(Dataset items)
----
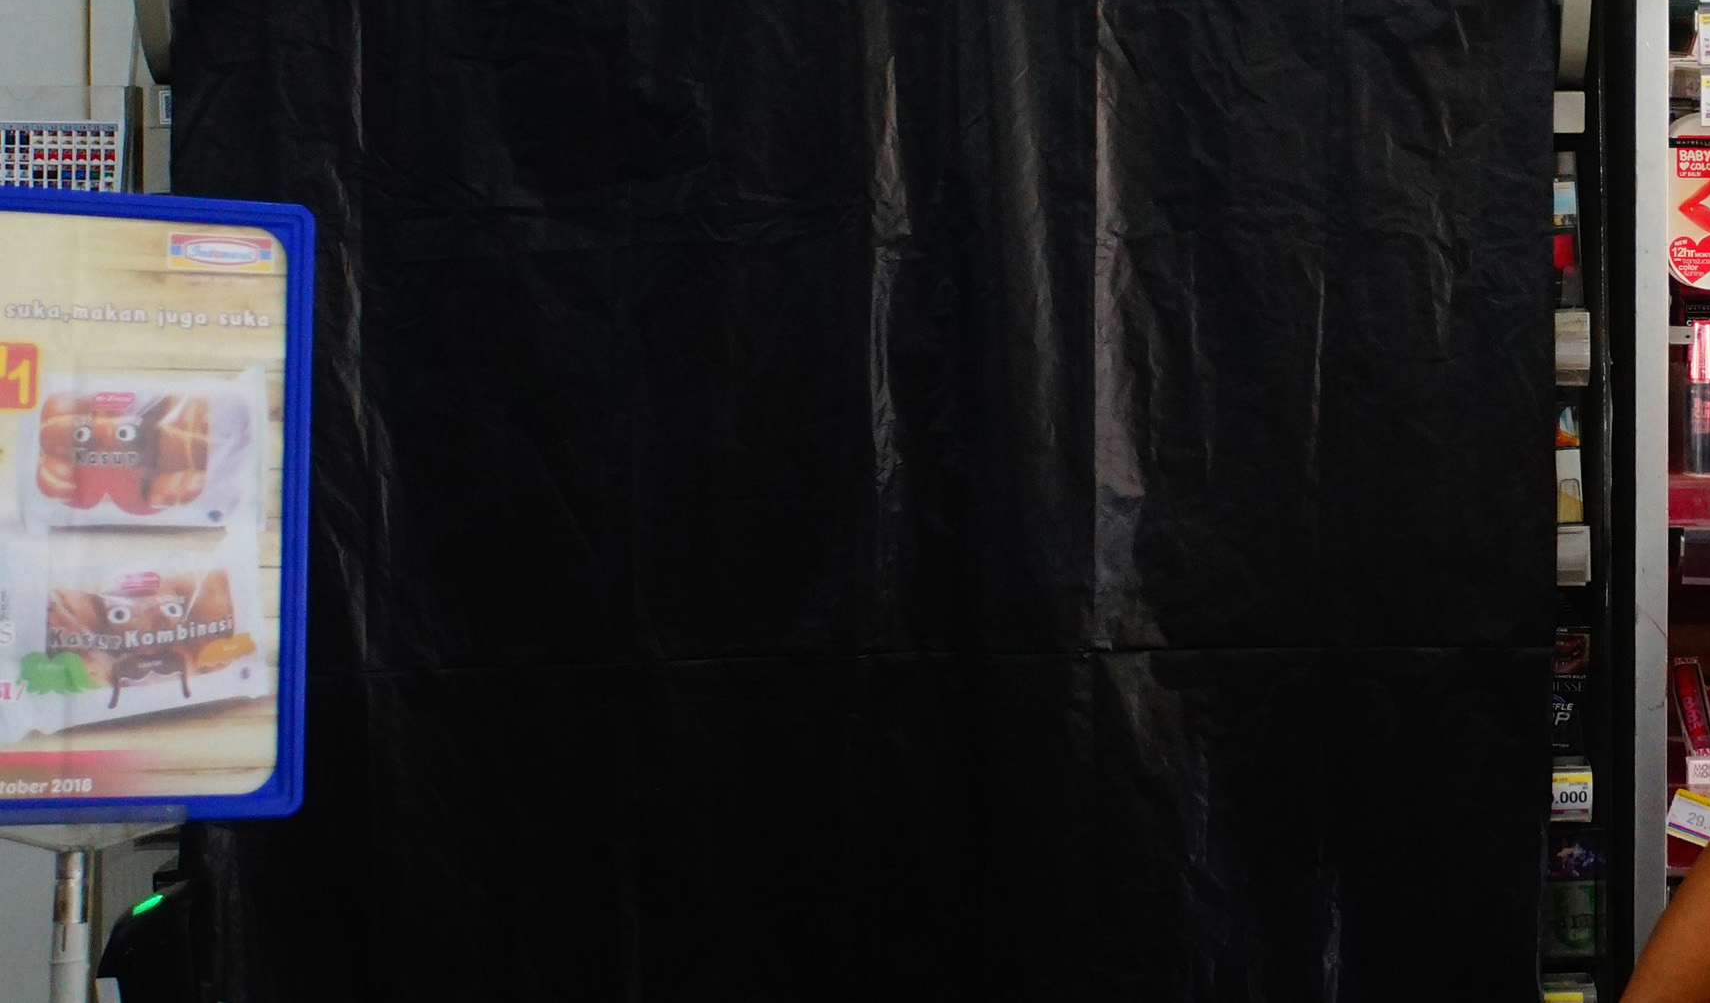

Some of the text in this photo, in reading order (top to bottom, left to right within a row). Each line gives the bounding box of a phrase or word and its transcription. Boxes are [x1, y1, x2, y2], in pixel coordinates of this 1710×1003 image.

[1679, 149, 1710, 162] BABY
[1672, 246, 1696, 258] 12hr
[157, 306, 207, 329] juga
[218, 311, 271, 329] suka
[125, 617, 235, 649] Kombinasi
[50, 778, 93, 794] 2018
----
- [What you should do]
Output all the records above exactly, but without their images.

- [Your response]
Some of the text in this photo, in reading order (top to bottom, left to right within a row). Each line gives the bounding box of a phrase or word and its transcription. Boxes are [x1, y1, x2, y2], in pixel coordinates of this 1710×1003 image.

[1679, 149, 1710, 162] BABY
[1672, 246, 1696, 258] 12hr
[157, 306, 207, 329] juga
[218, 311, 271, 329] suka
[125, 617, 235, 649] Kombinasi
[50, 778, 93, 794] 2018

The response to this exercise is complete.